RepBlock (parallel 1×1 and 3×3 convolutions) is introduced into shift regression. During training, the contribution of each branch is evaluated:

\[c_1 = \frac{\frac{1}{C_{out}}\sum \mathbf{w_1}}{\frac{1}{C_{out}}\sum \mathbf{w_1} + \frac{1}{C_{out}}\sum \mathbf{w_3}}\]

If \(c_1 < \hat{c}\) (threshold), the 1×1 branch is merged into the 3×3 branch:

\[\mathbf{W}_3^{new} = \mathbf{w_3} \cdot \mathbf{W_3} + \mathbf{w_1} \cdot pad(\mathbf{W_1})\]

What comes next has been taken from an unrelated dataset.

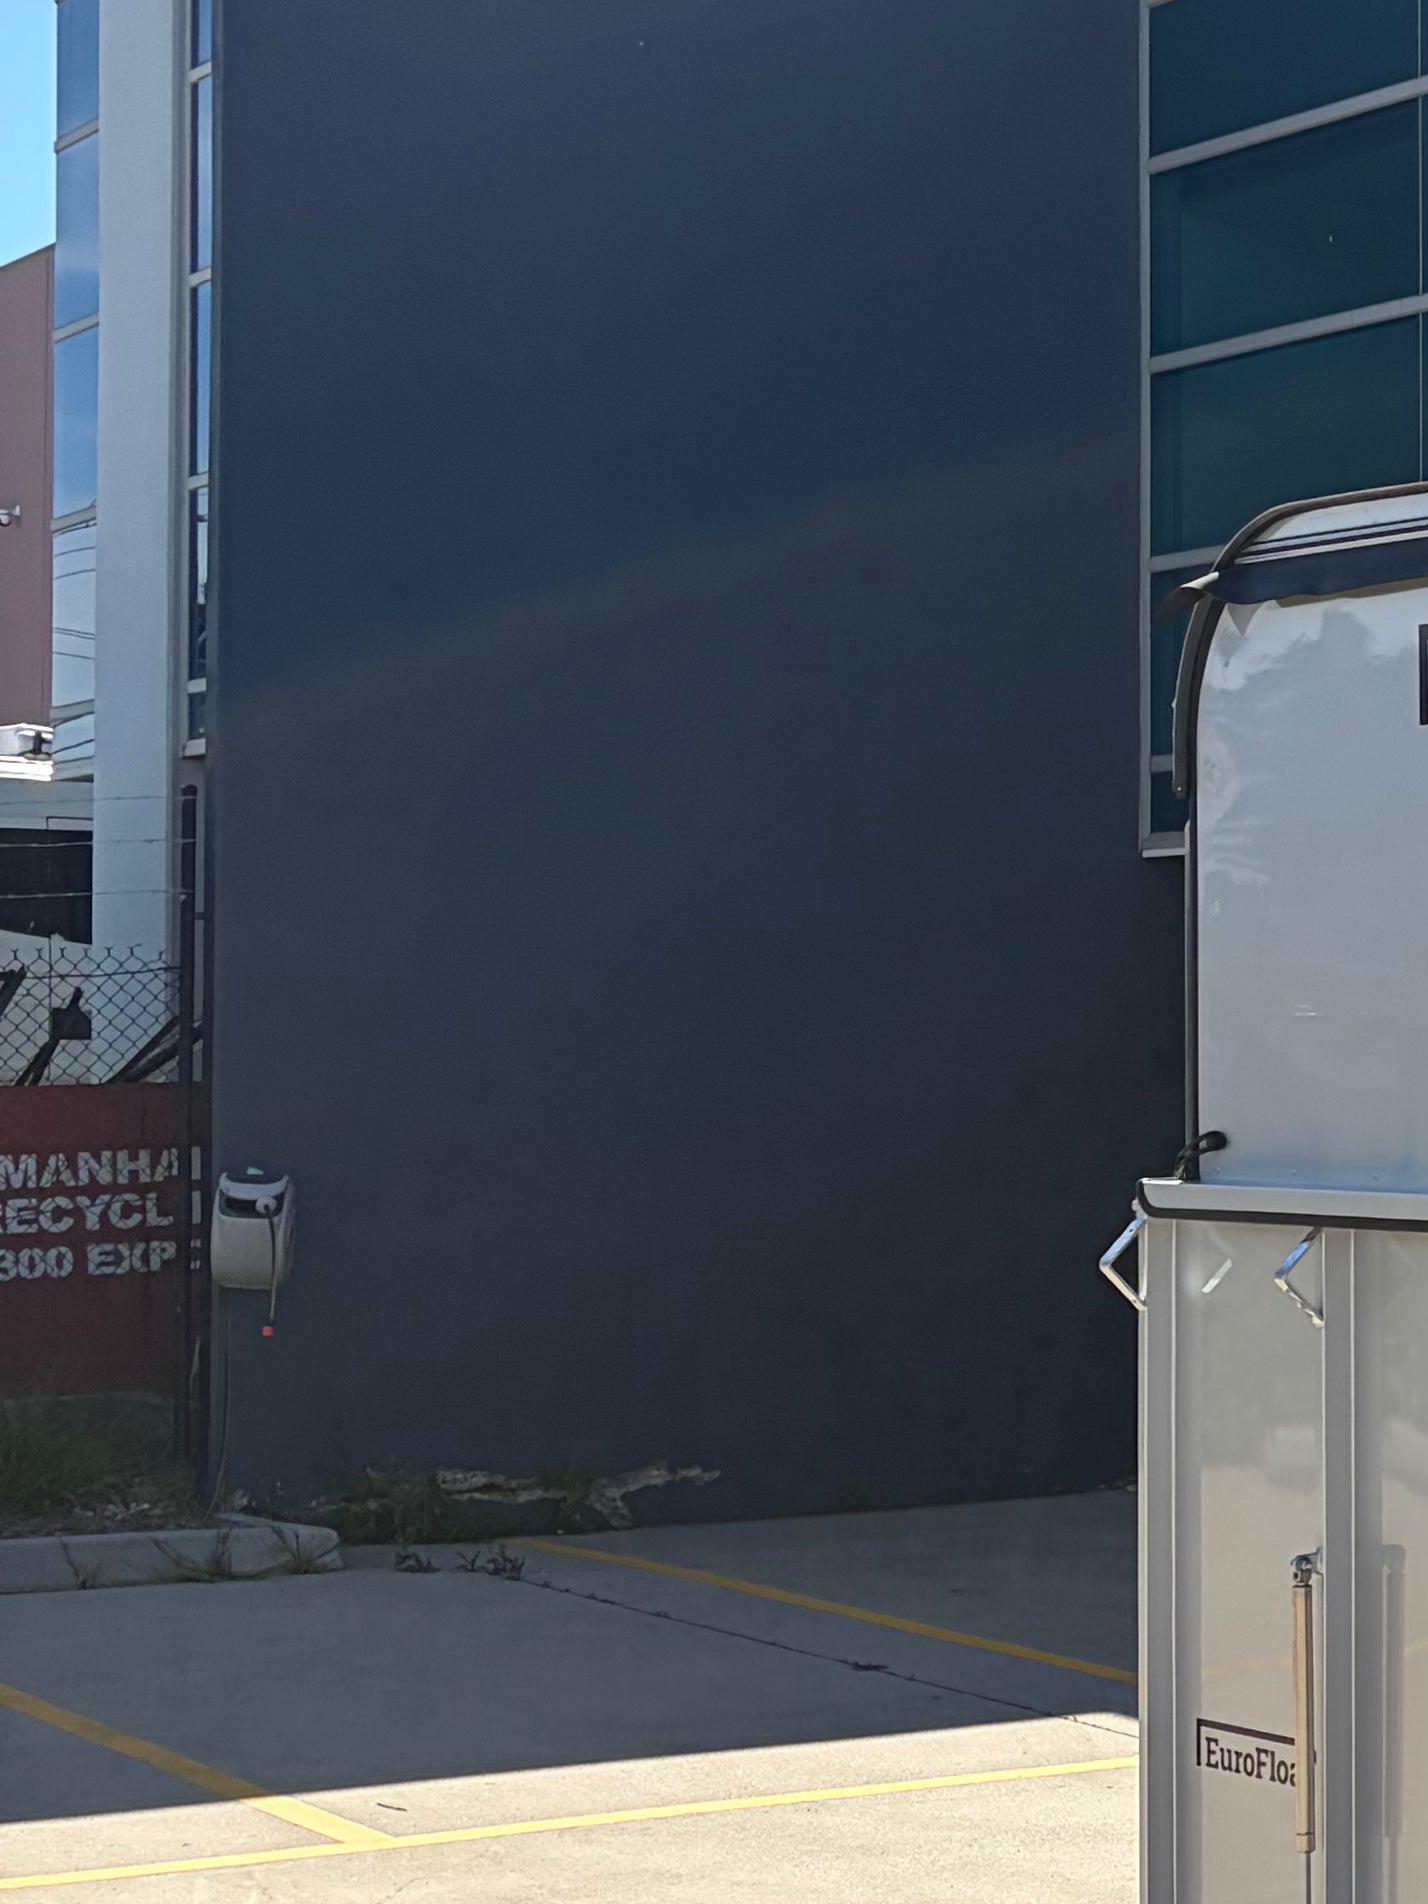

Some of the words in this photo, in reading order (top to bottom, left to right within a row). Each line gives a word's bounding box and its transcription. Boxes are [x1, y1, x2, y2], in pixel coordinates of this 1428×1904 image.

[0, 1146, 201, 1191] MANHA
[0, 1190, 201, 1235] ECYCL
[1204, 1736, 1296, 1787] EuroFlo
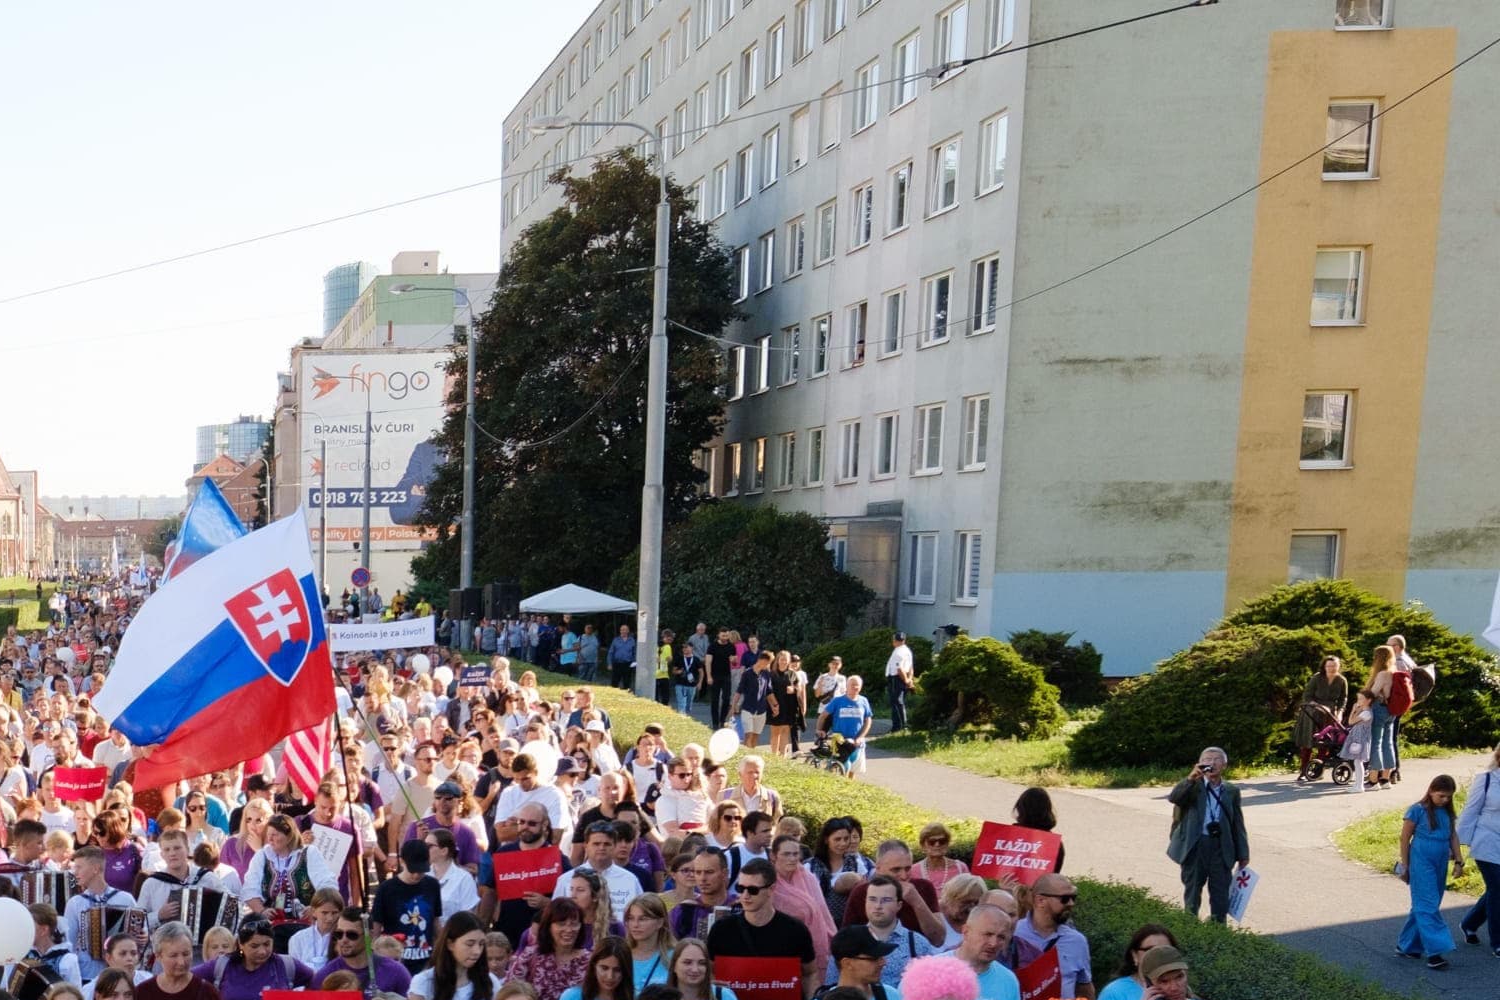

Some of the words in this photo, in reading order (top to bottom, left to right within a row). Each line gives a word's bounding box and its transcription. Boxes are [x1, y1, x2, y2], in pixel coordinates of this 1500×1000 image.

Experiments identify \(\hat{c} = 0.25\) as the optimal threshold.

Key Experimental Results

Quantitative Comparison on UDIS-D

Method PSNR↑ SSIM↑ SIQE↑ LPIPS↓
APAP 23.792 0.794 41.707 0.472
ELA 24.012 0.808 41.781 0.470
UDIS 21.171 0.648 42.186 0.475
UDIS++ 25.426 0.837 43.184 0.469
SRS 24.828 0.811 41.857 0.473
DSFN (Ours) 25.467 0.839 43.732 0.462

Generalization on IVSD

Method PSNR↑ SSIM↑ SIQE↑ LPIPS↓
UDIS++ 26.649 0.819 46.383 0.439
SRS 24.234 0.796 35.641 0.445
DSFN (Ours) 26.778 0.820 46.568 0.436

Performance consistently leads across datasets.

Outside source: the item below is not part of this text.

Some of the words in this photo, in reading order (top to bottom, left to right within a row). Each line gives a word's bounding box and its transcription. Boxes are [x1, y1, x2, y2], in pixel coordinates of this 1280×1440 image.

Runtime Efficiency (512×512 images)

Method Time (ms)
APAP 6683
ELA 8348
UDIS 194
UDIS++ 80
SRS 83
DSFN 67

DSFN is the fastest method, despite incorporating depth estimation in the inference pipeline.

Ablation Study

Configuration PSNR SSIM SIQE LPIPS
w/o \(\mathcal{L}_{smooth}\) 25.431 0.833 43.156 0.466
w/o \(\mathcal{L}_{cost}\) 25.438 0.836 43.186 0.463
w/o \(\mathcal{L}_{depth}\) 25.434 0.838 43.703 0.463
w/o \(\mathcal{L}_{mesh}\) 25.473 0.840 43.701 0.463
Full 25.470 0.839 43.732 0.462

Removing the mesh constraint yields marginally higher metrics (due to relaxed deformation constraints), but introduces visible distortion in qualitative results.

User Study

50 participants (30 with a computer vision background) rated methods on a 1–5 scale; DSFN consistently received the highest scores.

Highlights & Insights

  • Depth information as an alignment prior is a natural and effective approach for large-parallax image stitching — obtained at zero additional cost via the off-the-shelf Depth Anything model.
  • Soft-seam fusion replacing hard seam cutting is a key innovation: pixel-wise adaptive blending via mask diffusion is smoother than graph-cut and supports end-to-end training.
  • RBA re-parameterization maintains multi-branch diversity during training while merging into a single branch at inference — balancing efficiency and performance.
  • The fastest runtime (67 ms) demonstrates a compact and efficient overall architecture.

Limitations & Future Work

  • Depth supervision relies on the quality of Depth Anything — unreliable monocular depth estimation in specific scenes may propagate errors.
  • Validation is limited to the UDIS-D and IVSD datasets; large-scale real-world panoramic datasets (e.g., Google Street View) are not evaluated.
  • Occlusion from dynamic objects (moving pedestrians/vehicles) is not addressed.
  • Dilation rates in the soft-seam module's dilated convolutions are manually set without automated search.
  • The two-stage training (transformation and fusion trained separately) leaves room for improvement through end-to-end joint training.

Rating

  • Novelty: ⭐⭐⭐⭐ The combination of depth supervision and soft-seam fusion is novel; the RBA strategy demonstrates engineering innovation.
  • Experimental Thoroughness: ⭐⭐⭐⭐ Covers quantitative, qualitative, ablation, user study, and efficiency comparisons — relatively comprehensive.
  • Writing Quality: ⭐⭐⭐ Formulas and loss function definitions are clear, but some symbols are overloaded (e.g., \(\sigma\) denotes both an activation function and a loss weight).
  • Value: ⭐⭐⭐⭐ Directly applicable to real-world large-parallax image stitching tasks, with the fastest reported inference speed.